The agreement between the two brands supports their common goal to advance omnichannel engagement and develop customer customer relationships that span generations. Brooks Brothers is the oldest apparel company in America, while Citi Retail Services is among North America’s biggest retail credit providers.
E2open Teams With PayCargo to Drive Freight Payments
Supply chain management platform E2open and global logistics payment firm PayCargo have teamed up to provide faster freight payments for carriers, forwarders and shippers.

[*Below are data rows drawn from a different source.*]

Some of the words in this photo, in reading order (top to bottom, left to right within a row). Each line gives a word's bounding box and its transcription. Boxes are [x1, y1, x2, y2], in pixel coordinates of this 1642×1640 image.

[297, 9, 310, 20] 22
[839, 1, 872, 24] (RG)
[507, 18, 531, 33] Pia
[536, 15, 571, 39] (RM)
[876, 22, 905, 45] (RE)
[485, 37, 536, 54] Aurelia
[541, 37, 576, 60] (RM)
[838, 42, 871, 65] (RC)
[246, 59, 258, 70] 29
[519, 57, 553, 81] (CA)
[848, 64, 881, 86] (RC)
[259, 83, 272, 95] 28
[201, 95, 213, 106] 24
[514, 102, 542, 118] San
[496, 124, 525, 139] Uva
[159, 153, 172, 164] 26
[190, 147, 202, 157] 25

E2open’s embedded payment processes will employ PayCargo’s solution to move cargo from ports faster, thus eliminating the labor-intensive and time-wasting system of printing, mailing and issuing paper checks and doing wire transfers.

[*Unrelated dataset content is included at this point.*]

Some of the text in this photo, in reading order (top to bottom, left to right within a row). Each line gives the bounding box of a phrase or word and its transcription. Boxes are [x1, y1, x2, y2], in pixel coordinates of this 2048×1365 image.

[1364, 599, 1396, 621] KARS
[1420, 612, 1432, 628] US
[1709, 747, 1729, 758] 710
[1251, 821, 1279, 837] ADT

The companies say their combined capabilities will give clients efficient system for booking, confirming, tracking, settling and releasing cargo, thus moving merchandise seamlessly from origin to destination.
By Making ‘Dumb Cameras’ Smart, AI Is Improving Traffic Efficiency
Imagine a world where commercial fleets paid cities a toll to allow their vehicles to travel without stopping at traffic lights. It might sound like chaos, but with the help of 5G and vehicle-to-everything (V2X) tech, traffic lights could communicate with connected vehicles and give priority to the fleets’ vehicles, saving them time and money.
“Use cases such as emergency vehicle priority or freight vehicle priority, that technology already exists,” Georges Aoude, CEO and co-founder of Derq, told PYMNTS.
“What doesn’t exist yet is the ecosystem, because it’s not yet there at the scale that you can start charging those commercial companies a fee to use those systems. But I see this as one important use case,” Aoude said.
Apple Services, Wearables, 5G Devices Drive Record Quarter That Defied Supply Chain Woes
For most businesses, $124 billion in sales in a year — or even a decade — would be quite an accomplishment. It’s something Apple did in 90 days.
But there’s something else more impressive about the tech giant’s October to December sales run last year: it showed that the the pandemic era’s digital shift isn’t simply a fad that can be stopped by a pandemic, historic inflation or a shortage of computer chips.
In other words, what Apple did was about more than money. It shows that the progression of the connected economy is unstoppable, and people and businesses won’t go backward.
Paying the World Should Be As Easy as Sending a WhatsApp Message
What does it mean to “pay the world?” For Thunes Collections CEO Christophe Bourbier, it means a world where consumers around the globe can leverage technology to make payments as quick and easy and sending an instant message.
“When we say pay the world, we would like any payment, not just payments in the U.S. or Europe or between the U.S. and Europe, [but] any payment to be as easy, quick and as inexpensive as [sending] a WhatsApp message,” Bourbier told PYMNTS in an interview.
But for consumers in emerging markets, those transfers can be challenging due to the number of regulations and unconnected platforms, which is why having payment system on par with WhatsApp is so important, Bourbier said.